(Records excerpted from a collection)
+===+
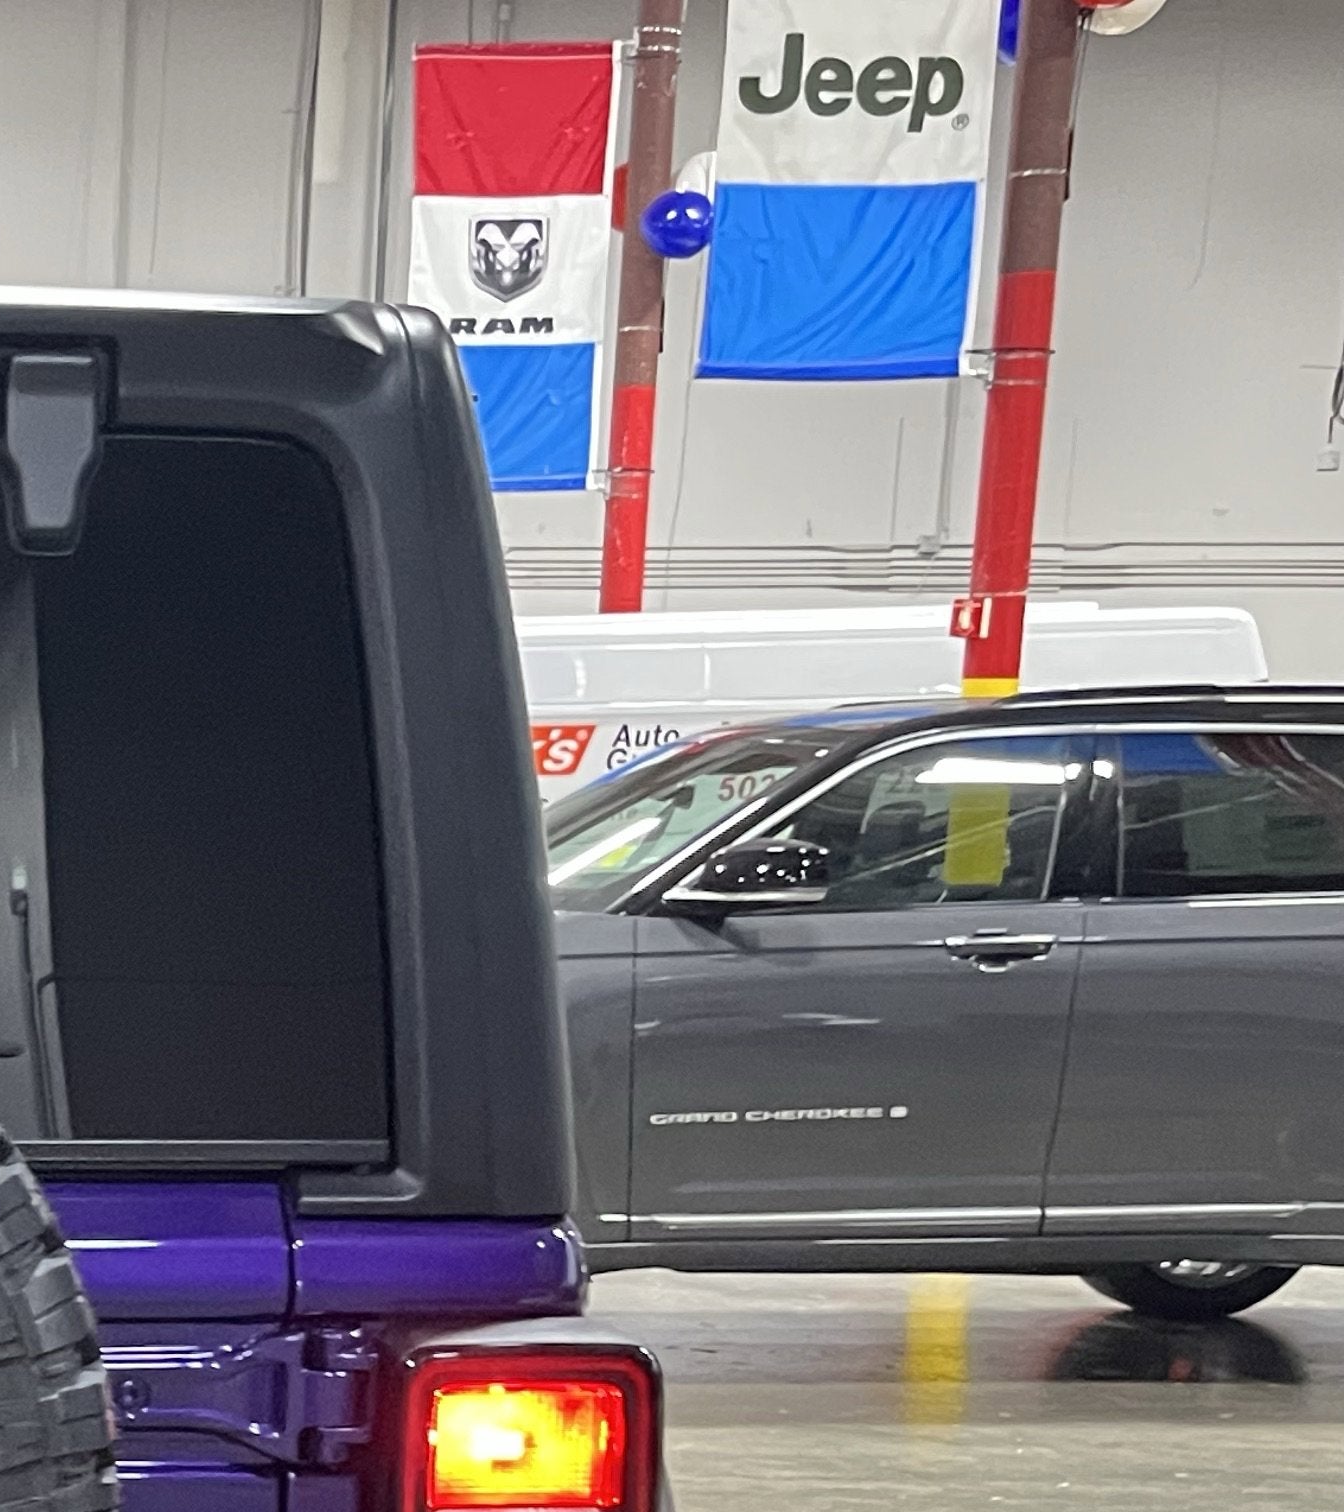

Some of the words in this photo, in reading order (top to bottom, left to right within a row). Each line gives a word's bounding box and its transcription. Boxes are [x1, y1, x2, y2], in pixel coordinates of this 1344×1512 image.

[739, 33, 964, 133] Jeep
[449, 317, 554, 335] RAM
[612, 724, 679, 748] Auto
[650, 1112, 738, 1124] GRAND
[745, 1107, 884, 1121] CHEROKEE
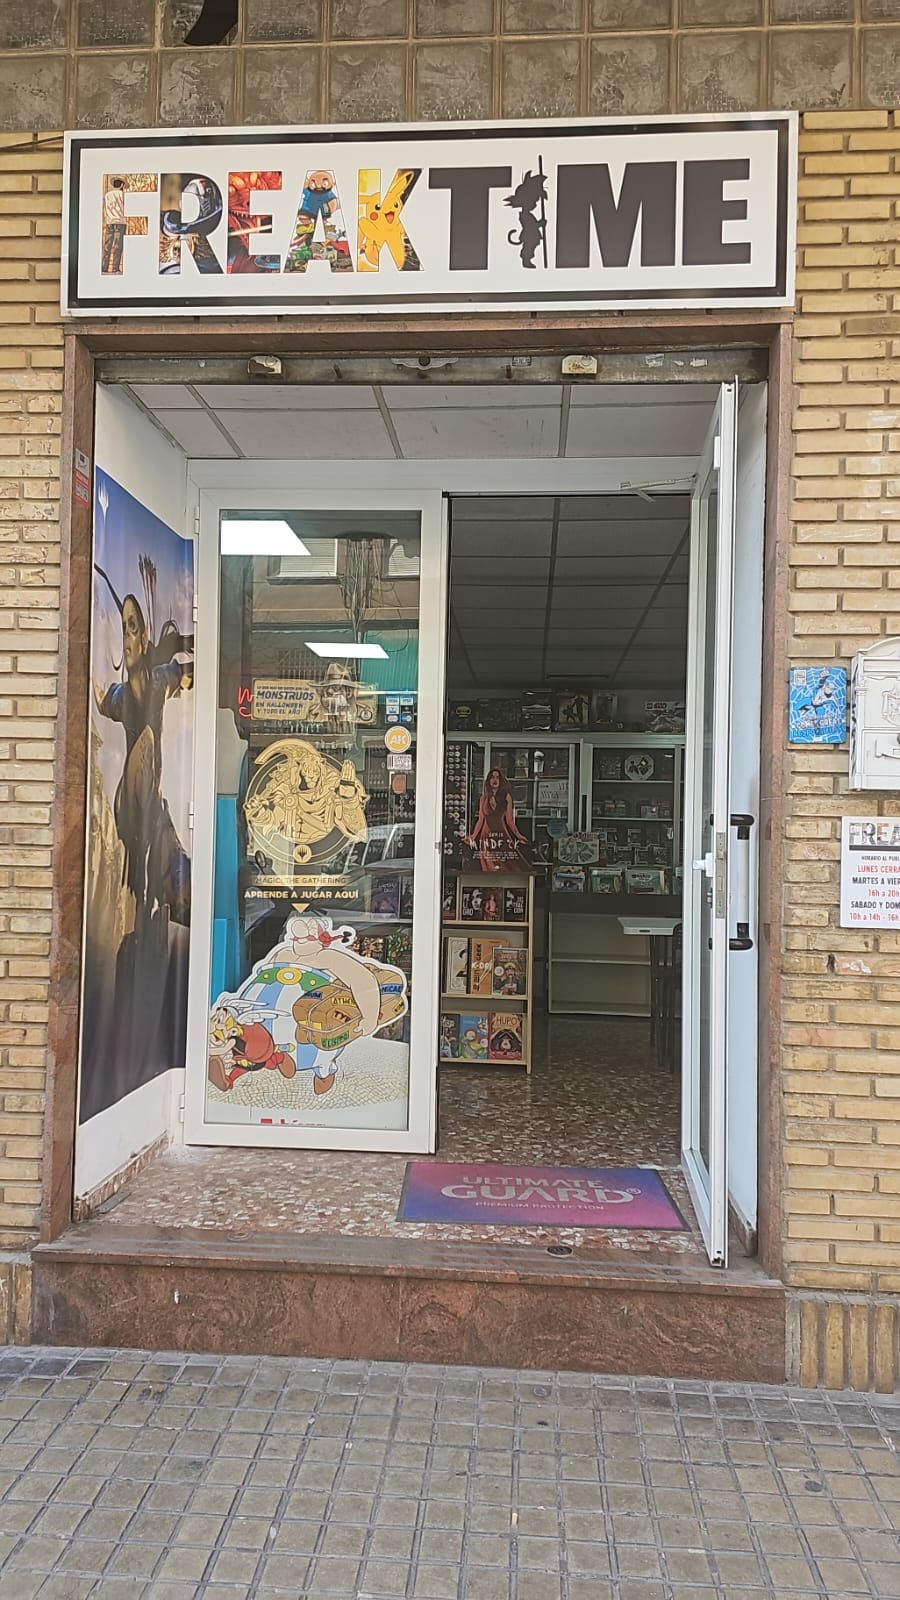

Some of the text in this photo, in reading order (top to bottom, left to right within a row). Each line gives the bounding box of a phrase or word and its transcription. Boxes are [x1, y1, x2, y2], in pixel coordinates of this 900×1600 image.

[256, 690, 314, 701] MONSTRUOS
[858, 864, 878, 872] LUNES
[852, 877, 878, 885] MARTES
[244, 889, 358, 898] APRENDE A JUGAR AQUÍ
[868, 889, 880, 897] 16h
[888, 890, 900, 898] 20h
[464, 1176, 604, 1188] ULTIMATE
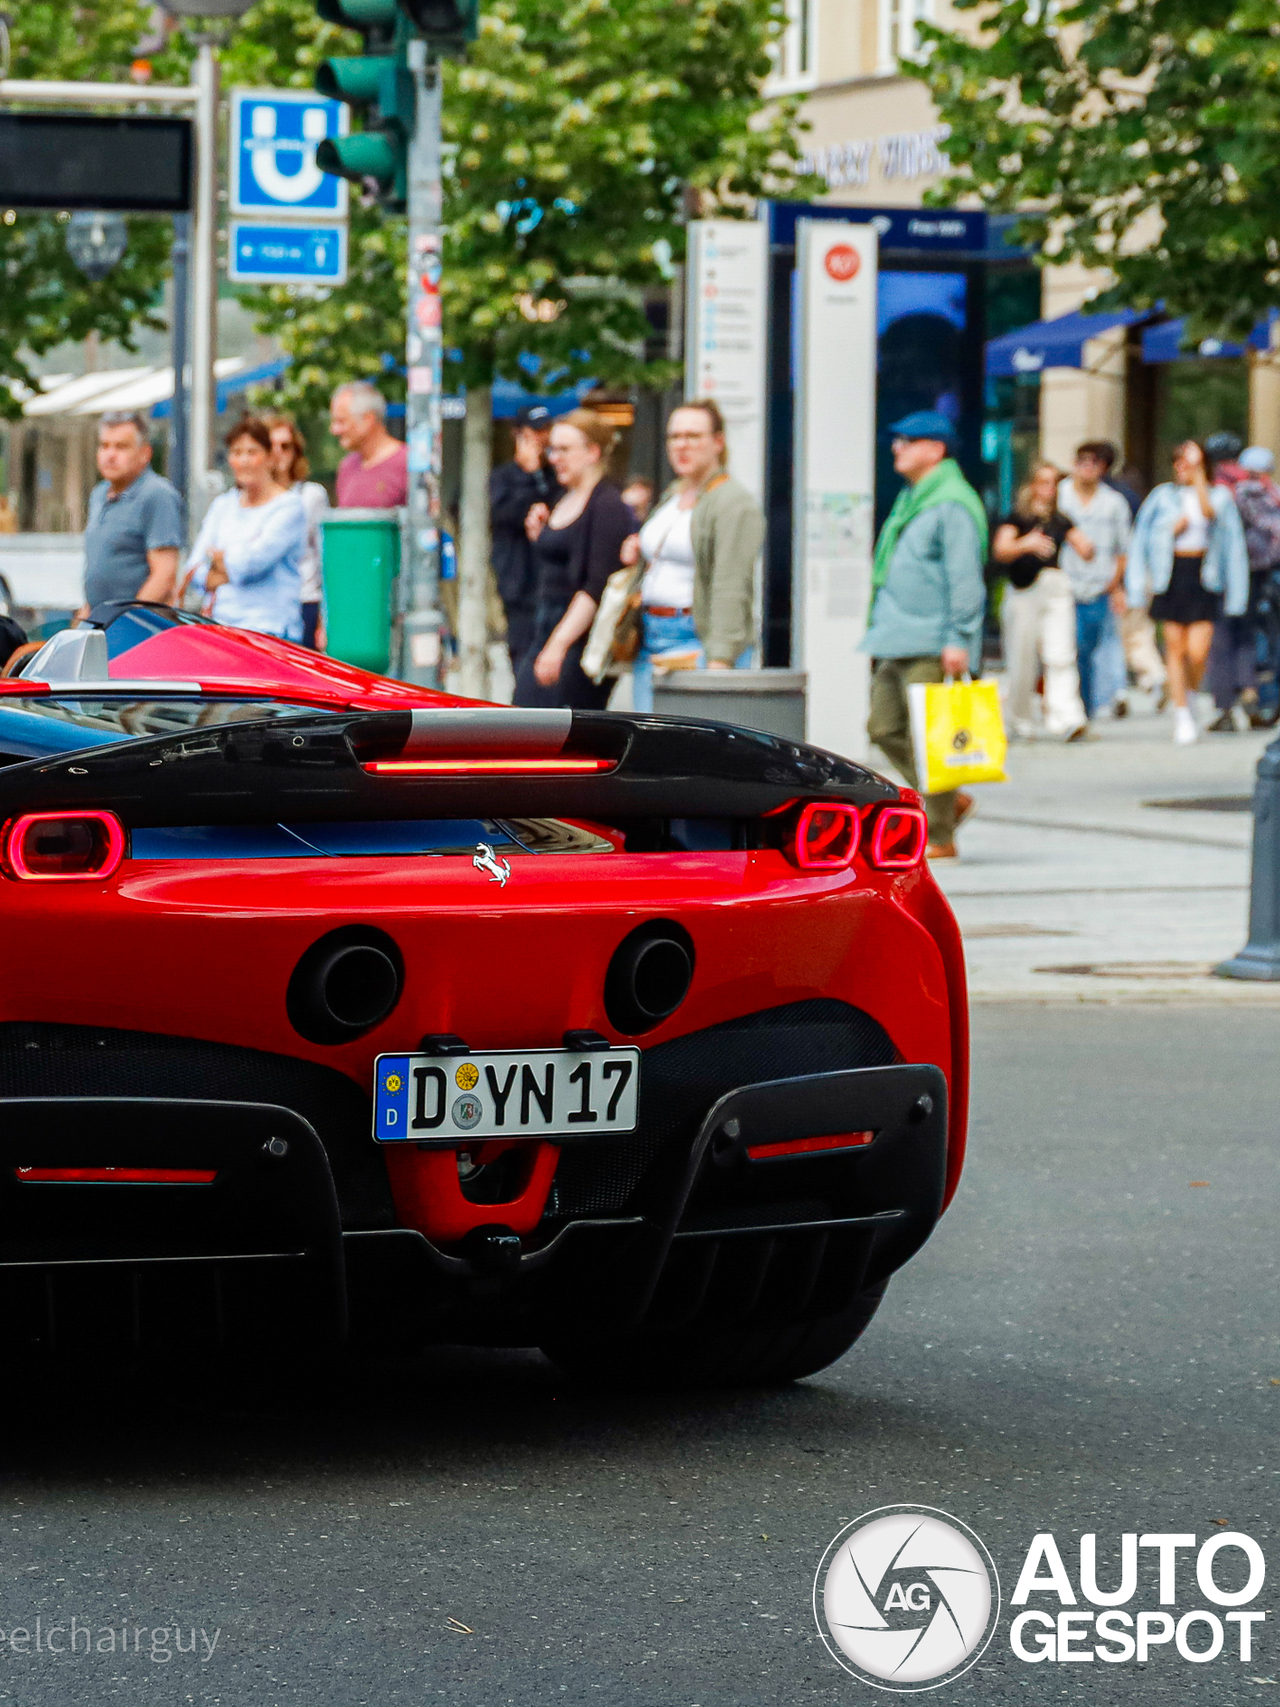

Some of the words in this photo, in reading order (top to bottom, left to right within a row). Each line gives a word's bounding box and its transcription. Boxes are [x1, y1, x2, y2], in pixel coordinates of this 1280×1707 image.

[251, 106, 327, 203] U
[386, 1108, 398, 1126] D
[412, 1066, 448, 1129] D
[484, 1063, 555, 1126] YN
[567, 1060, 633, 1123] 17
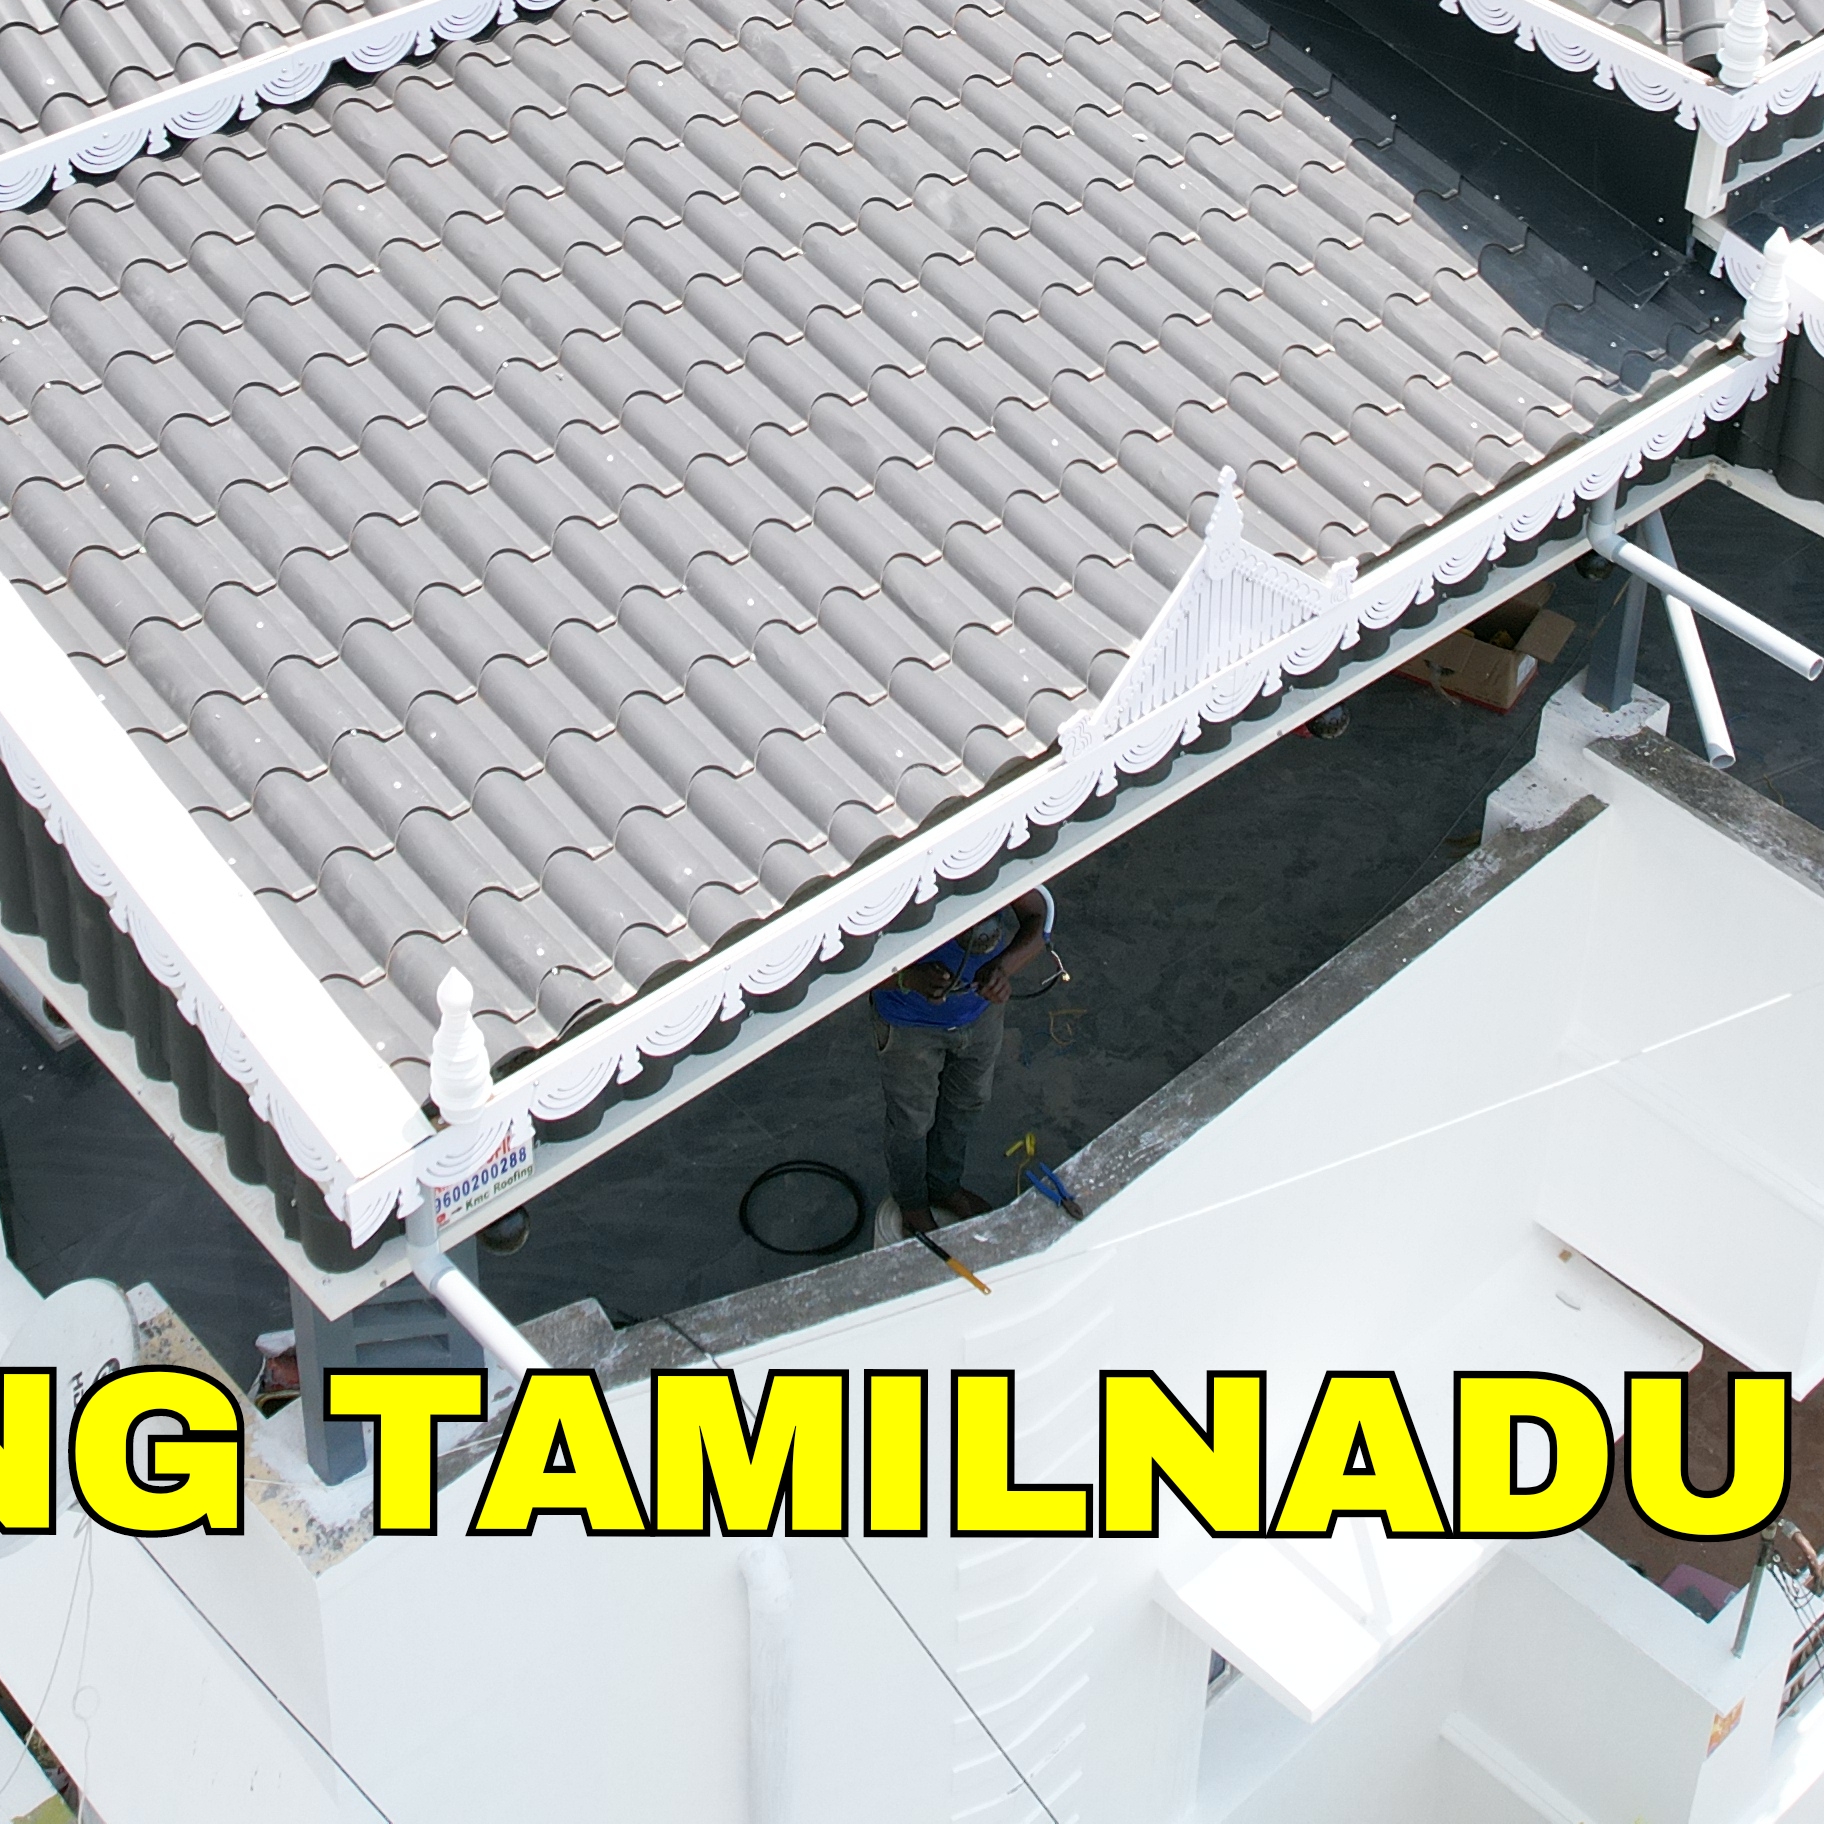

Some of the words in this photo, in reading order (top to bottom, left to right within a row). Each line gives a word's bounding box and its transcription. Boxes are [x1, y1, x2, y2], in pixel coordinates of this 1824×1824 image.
+===+
- **Your assignment**: The data above should be returned in full, exactly as written, apart from its images.

- **Written solution**:
Some of the words in this photo, in reading order (top to bottom, left to right within a row). Each line gives a word's bounding box and its transcription. Boxes are [x1, y1, x2, y2], in pixel coordinates of this 1344×1512 image.

[739, 33, 964, 133] Jeep
[449, 317, 554, 335] RAM
[612, 724, 679, 748] Auto
[650, 1112, 738, 1124] GRAND
[745, 1107, 884, 1121] CHEROKEE

Some of the text in this photo, in reading order (top to bottom, left to right within a row). Each line gives the bounding box of a phrase or word and its transcription. Boxes are [x1, y1, x2, y2], in pixel coordinates of this 900×1600 image.

[256, 690, 314, 701] MONSTRUOS
[858, 864, 878, 872] LUNES
[852, 877, 878, 885] MARTES
[244, 889, 358, 898] APRENDE A JUGAR AQUÍ
[868, 889, 880, 897] 16h
[888, 890, 900, 898] 20h
[464, 1176, 604, 1188] ULTIMATE

Some of the words in this photo, in reading order (top to bottom, left to right within a row). Each line gives a word's bounding box and its transcription. Boxes are [x1, y1, x2, y2], in pixel coordinates of this 1280×1707 image.

[251, 106, 327, 203] U
[386, 1108, 398, 1126] D
[412, 1066, 448, 1129] D
[484, 1063, 555, 1126] YN
[567, 1060, 633, 1123] 17

Some of the words in this photo, in reading order (top to bottom, left to right within a row). Each line gives a word's bounding box and its transcription. Boxes are [x1, y1, x2, y2], in pixel coordinates of this 1824×1824 image.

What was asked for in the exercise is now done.